Les dernières paroles de Raymond Gravel

Raymond Gravel a appris qu’il avait un cancer du poumon incurable en août 2013.
Photo: Jacques Nadeau Le Devoir Raymond Gravel a appris qu’il avait un cancer du poumon incurable en août 2013.

Quelques jours avant la parution de Raymond Gravel. Le dernier combat, du journaliste Carl Marchand, des proches du regretté prêtre ont tenu à me mettre en garde contre cet ouvrage. L’auteur, m’a-t-on dit, y révélait des secrets d’alcôve et avait profité de l’état de faiblesse de Gravel, dans ses derniers moments, pour lui soutirer des déclarations inconvenantes. Je m’attendais donc au pire, surtout que cet ouvrage, d’abord annoncé chez VLB, s’il faut en croire certains sites de librairies numériques, paraît finalement aux Éditions du CRAM. Le premier éditeur aurait-il reculé devant le contenu sulfureux du manuscrit?

Raymond Gravel a appris qu’il avait un cancer du poumon incurable en août 2013. Il n’avait que 60 ans, mais presque 50 ans de tabagisme l’exposaient à une telle éventualité. Marchand, alors journaliste pour La Presse, lui propose de l’accompagner dans cette épreuve, afin d’en tirer des reportages. Gravel, animé sa vie durant par une « soif de communiquer », accepte.

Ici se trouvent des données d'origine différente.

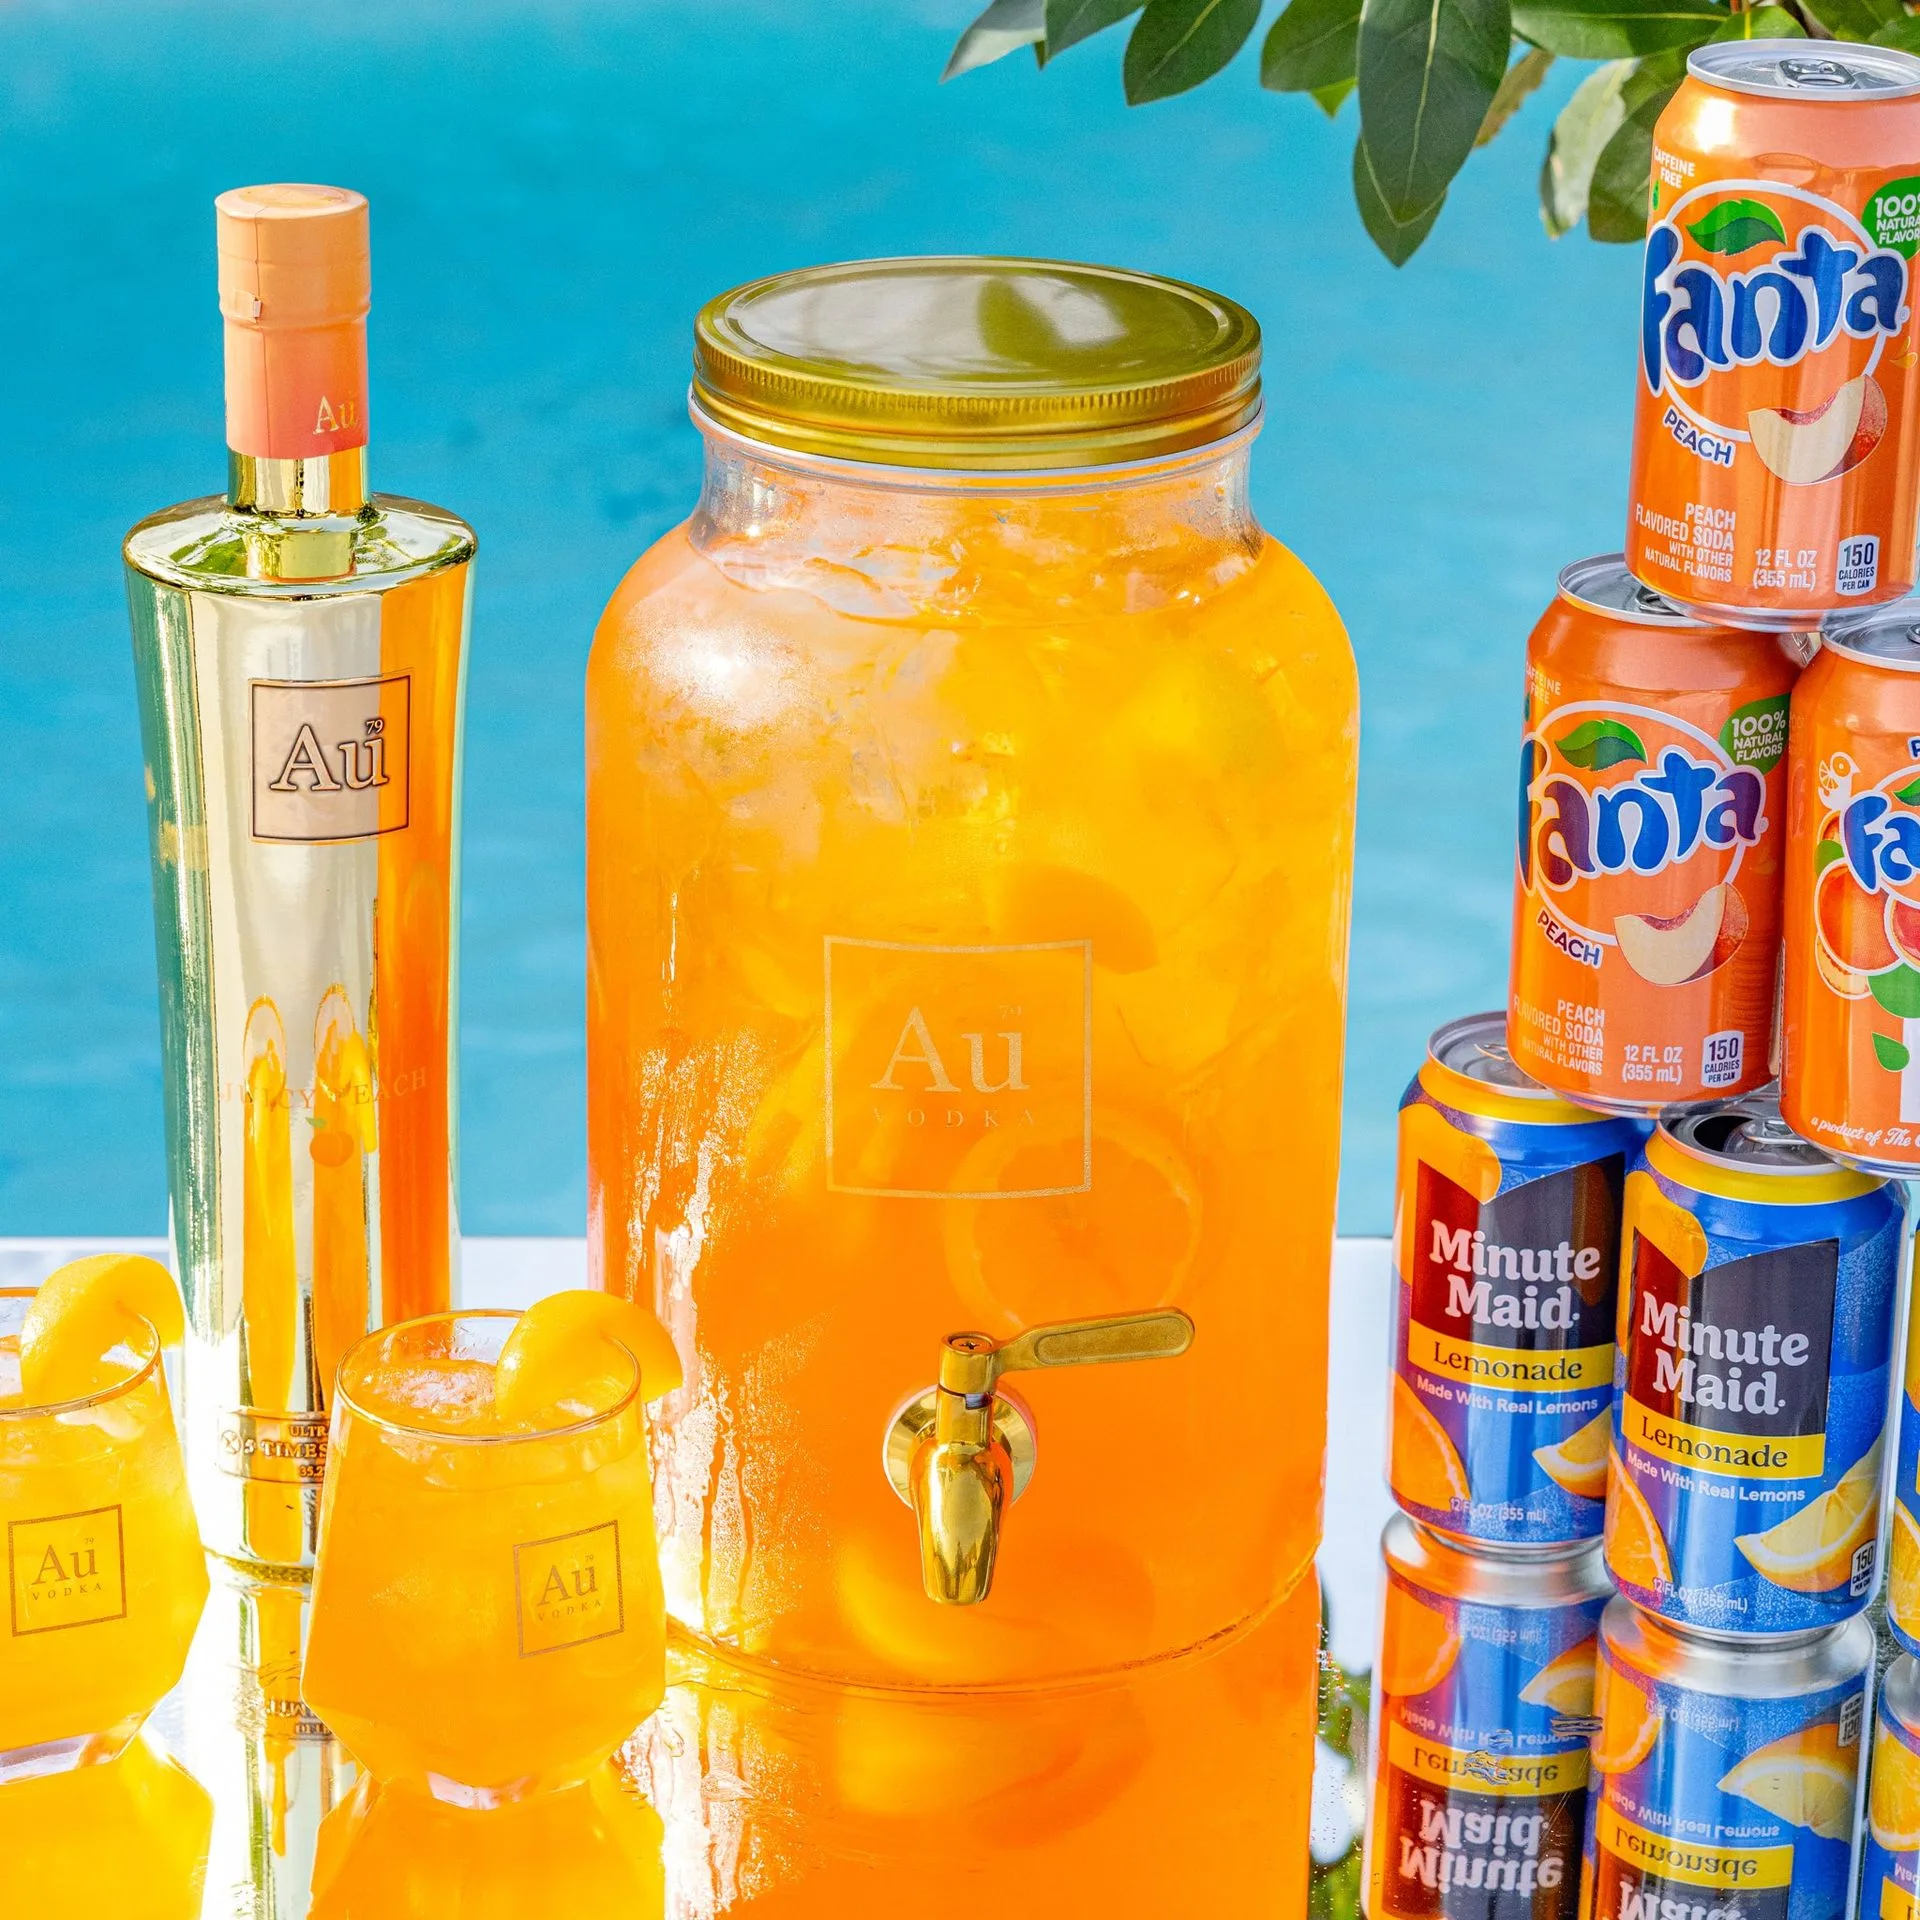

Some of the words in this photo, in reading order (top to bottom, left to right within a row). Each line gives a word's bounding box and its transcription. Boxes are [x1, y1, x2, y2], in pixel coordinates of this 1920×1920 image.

Marchand suivra donc le prêtre malade d’octobre 2013 jusqu’à sa mort, le 11 août 2014. À partir de juin, le journaliste ne travaille plus pour La Presse, mais continue néanmoins à rencontrer Gravel.

Un long reportage

 

Dans l’ensemble, le résultat est un long reportage plutôt sobre, dans lequel sont rapportées les réflexions de l’abbé sur son épreuve et sur la mort. Refusant l’idée d’une souffrance salvatrice — « Dieu ne veut pas nous écraser », dit-il —, Gravel, qui a espéré guérir presque jusqu’à la fin, confie à Marchand sa peur de la souffrance, d’où son appui à l’aide médicale à mourir, et témoigne de sa foi en la résurrection, mais reconnaît n’avoir aucune certitude à cet égard. Ses grandes prises de position — pour le mariage civil gai, pour l’ordination des femmes, pour une interprétation rationaliste des textes bibliques, contre le célibat des prêtres et pour l’indépendance du Québec — sont aussi rappelées.

L’affaire se corse un peu quand Gravel évoque son enfance dans un milieu familial rude, qu’il a quitté à 16 ans, ses expériences de prostitution homosexuelle et sa vie de barman toxicomane, qui ont précédé sa décision de devenir prêtre, à la fin des années 1970. Le récit est légèrement épicé, mais Gravel n’en a jamais fait mystère.

Les éléments plus épineux, qui expliquent les craintes des proches de Gravel, sont les suivants. Le prêtre, dans les dernières années de sa vie, avait pour collaborateur privilégié un musulman d’origine turque. Marchand soupçonne que les deux amis formaient un couple d’amoureux. Il finira par conclure que « la relation qui unissait ces deux personnes ne regarde qu’elles et je n’ai pas à la comprendre ». Fallait-il, alors, en parler? La nature du projet de Marchand, acceptée par Gravel, l’exigeait, il me semble.

Autre élément embarrassant : l’affirmation du prêtre selon laquelle le crime de Guy Turcotte, qu’il a rencontré, serait lié à son orientation homosexuelle refoulée. Périlleuse et mal fondée, cette hypothèse, formulée par un homme à l’esprit engourdi par les médicaments, aurait dû rester du domaine privé. Il reste que Raymond Gravel, c’était aussi ça : des jugements à l’emporte-pièce aux assises parfois fragiles.

Ce livre, en ce sens, ne le trahit pas. Reportage ponctuel qui rend bien l’atmosphère des derniers mois de l’abbé original, il ne fait pas le tour du personnage — pour cela, on lira, très bientôt, la biographie que prépare le journaliste Claude Gravel —, mais il rend justice à ce prêtre pour qui, selon les mots de son ami l’abbé Pierre-Gervais Majeau, « ce qui importait, ce n’était pas le dogme, mais la foi évangélique, la promotion des valeurs chrétiennes ».